A. armata goes through haploid and gametophytic phases in a heteromorphic diplo-haplontic life cycle. The A. armata gametophyte grows into adult form and goes through fecundation to produce diploid carposporophyte; which, then, divide into tetrasporophyte that goes through meiosis to be developed into the gametophyte.

== Impact of A. armata as an invasive species ==
The acceleration of marine biological invasions through increasing trade and travel also caused the transportation of A. armata to areas outside of their native range in the Southern hemisphere. Once it is established, A. armata could rapidly spread and dominate the invaded environment without the direct intervention of human activity. A. armata releases large amounts of toxic compounds to gain competitive advantage in the surrounding invaded area. The impairment of invertebrates after exposure to this algal exudate is shown by significantly increased lipid  (and other biochemical biomarkers) content in the organisms such as common prawn and marine snail. The critical impact that the exudate of A. armata causes, via secondary metabolites, severely decreases the survival rate of various species in the rock pool native communities.
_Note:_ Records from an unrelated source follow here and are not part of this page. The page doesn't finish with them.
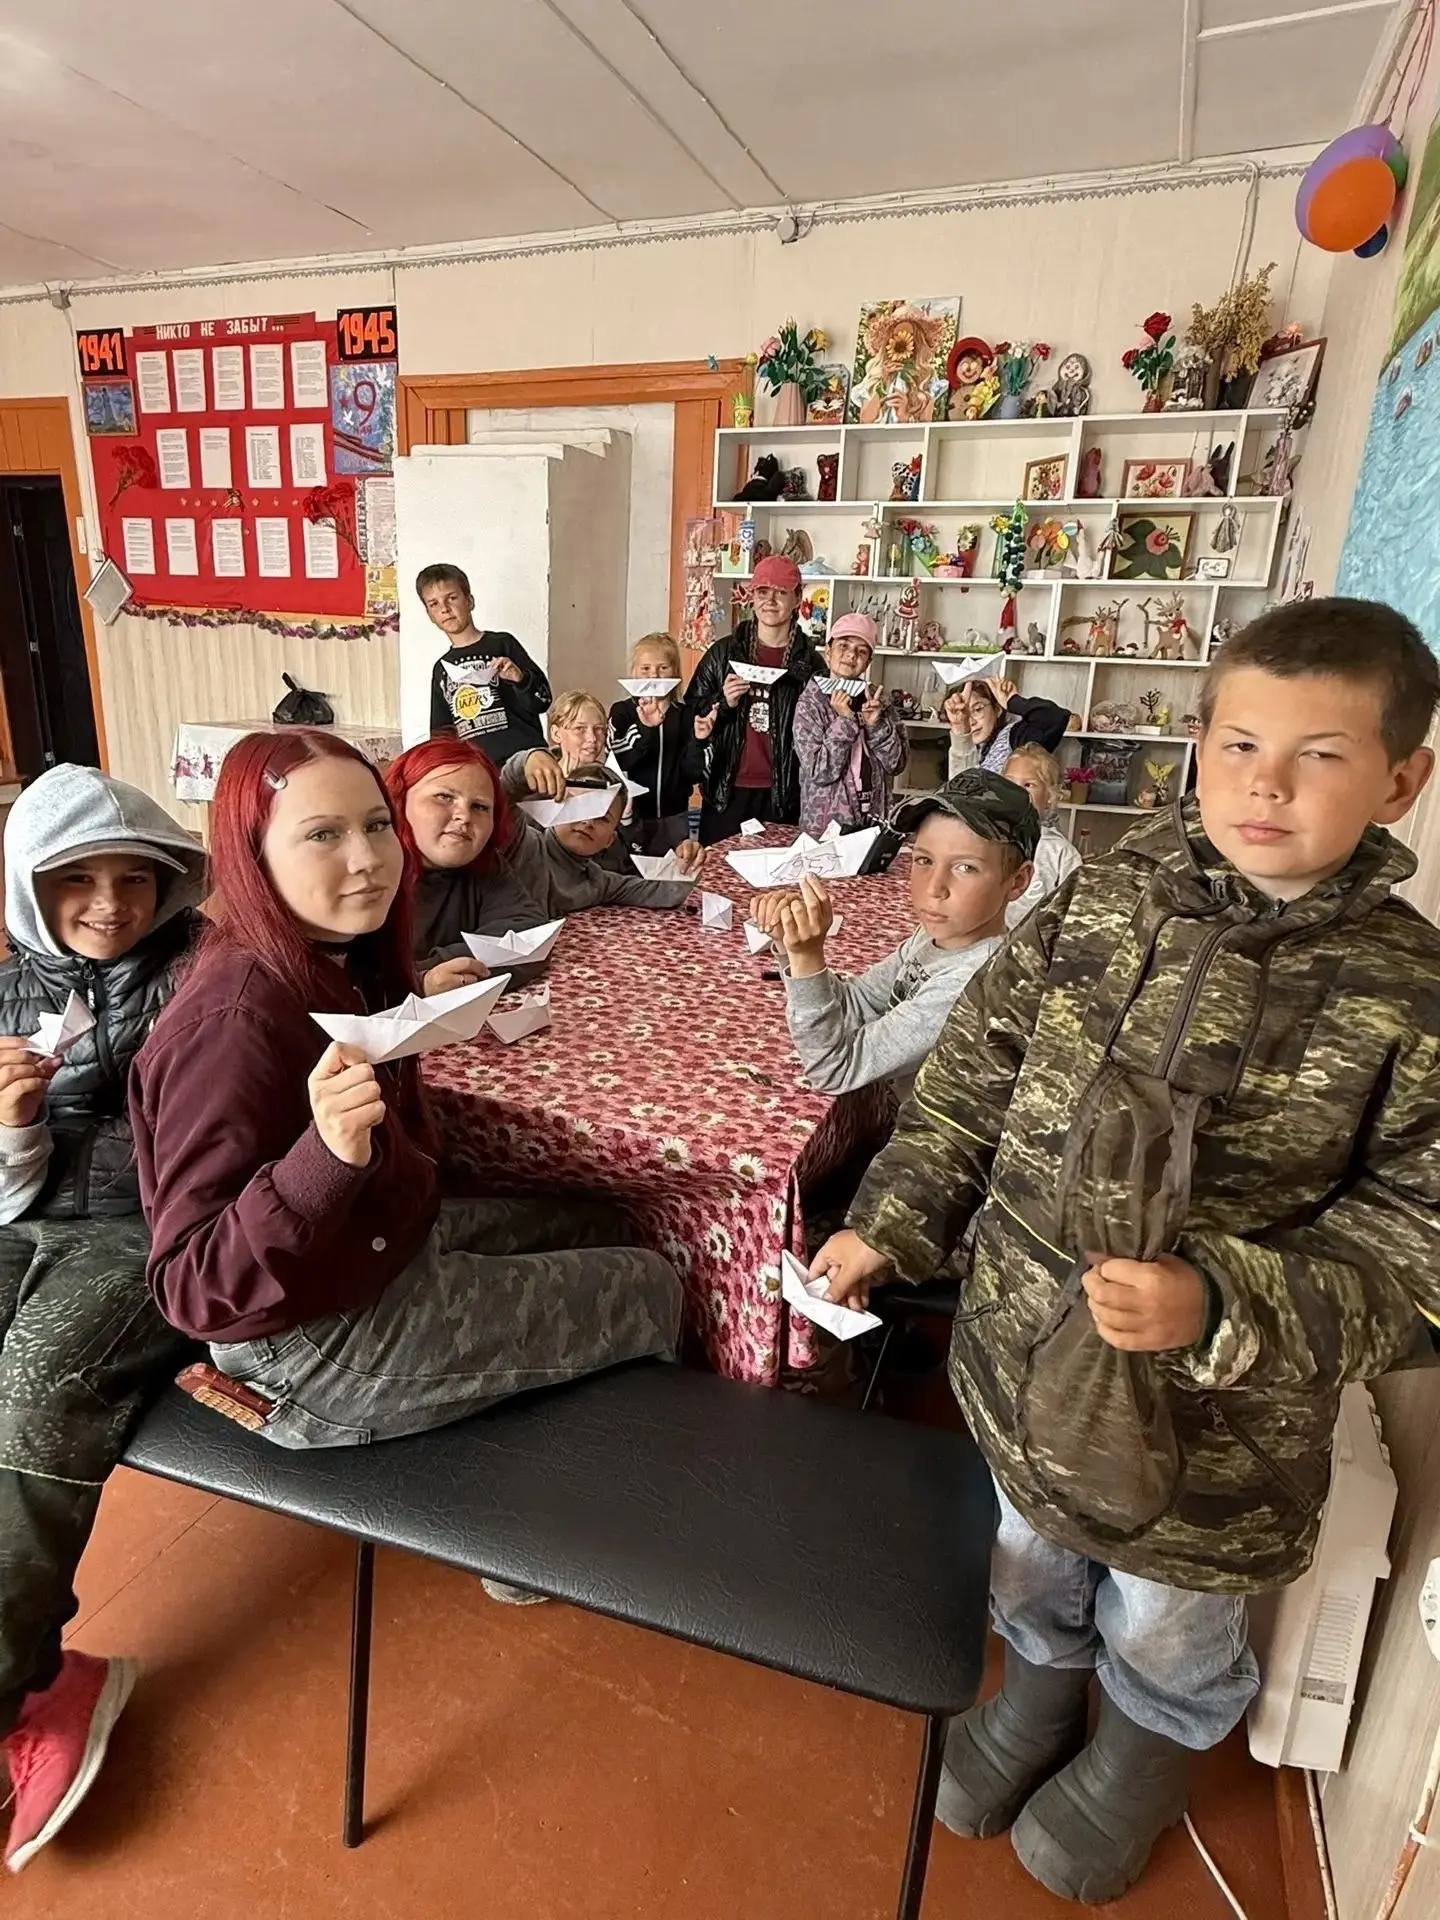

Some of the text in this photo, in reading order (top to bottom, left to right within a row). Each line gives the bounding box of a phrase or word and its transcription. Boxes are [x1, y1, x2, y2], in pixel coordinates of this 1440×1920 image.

[79, 332, 124, 371] 1941
[156, 324, 190, 340] НИКТО
[200, 322, 215, 336] НЕ
[339, 311, 395, 355] 1945
[353, 380, 377, 426] 9
== Halogenated metabolites ==
As a defense mechanism against its predators, A. armata produce halogenated metabolites that chase away herbivores and prevent biofouling. These halogenated metabolites are stored as a refractile inclusion inside specialized gland cells, and are activated with Bromine.

Gland cells of A. armata can take up to 10% of the algal volume, which is a large portion of the plant. Gland cell walls are thin in order to help the transfer of metabolites to the structures that connect the gland cells to the pericentral cells. These structures are stalk-like and allow the metabolite to move to the algae's surface.
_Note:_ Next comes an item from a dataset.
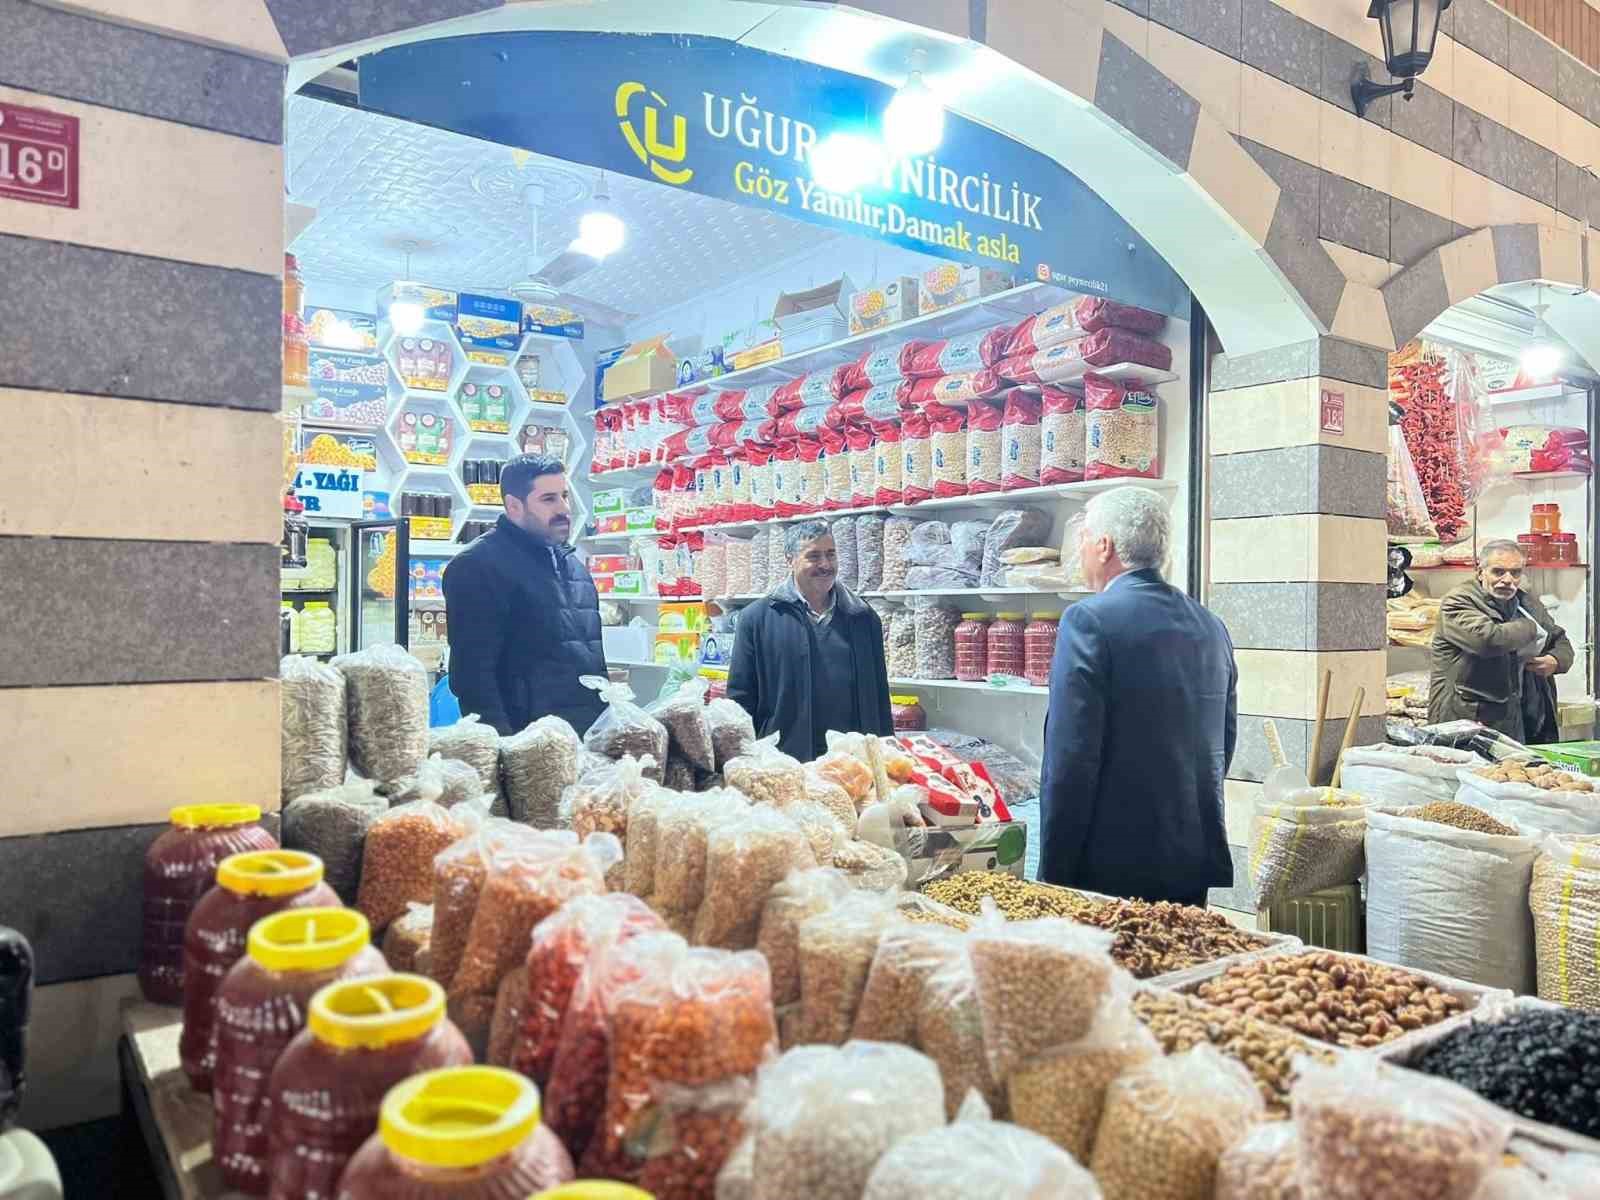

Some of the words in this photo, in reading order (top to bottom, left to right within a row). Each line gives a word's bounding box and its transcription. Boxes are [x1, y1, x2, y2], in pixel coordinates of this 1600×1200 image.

[702, 91, 817, 164] UĞUR
[734, 161, 789, 205] Göz
[976, 232, 1020, 264] asla
== Methane emissions reduction in ruminants ==
In 2019, following laboratory studies on the effectiveness of Asparagopsis taxiformis in reducing ruminants' enteric methane emissions, a team from the University of California, Davis, demonstrated that a 1% inclusion of Asparagopsis armata in lactating dairy cows' feed resulted in a 67.2% decrease in methane produced.

In 2021, CH4 Global became the first company in the world to be licensed by intellectual property holders FutureFeed to use Asparagopsis in livestock feed, with the aim of significantly reducing enteric methane emissions in ruminants. These licences enable CH4 Global to make methane reduction claims about the Asparagopsis in their product formulations in the New Zealand and Australian markets, where the company has research and production facilities. A. armata is the dominant species of Asparagopsis in New Zealand. CH4 Global worked with New Zealand's National Institute of Water and Atmospheric Research (NIWA) to close the life cycle of the seaweed, which they accomplished in June of the same year, enabling large quantities of the seaweed to be aquafarmed. CH4 Global has since pulled out of New Zealand and is operating in Australia. Asparagopsis Technologies is now operating out of the site in Ocean Beach, Bluff which was previously built and operated by CH4 global.

Sea Forest, based in Tasmania, Australia, and also a FutureFeed licensee, has chosen to focus exclusively on A. armata, and has worked with scientists at James Cook University, University of Tasmania, University of Technology Sydney, and University of New South Wales in Australia, and the University of Waikato in New Zealand, to find out how to trigger its reproduction.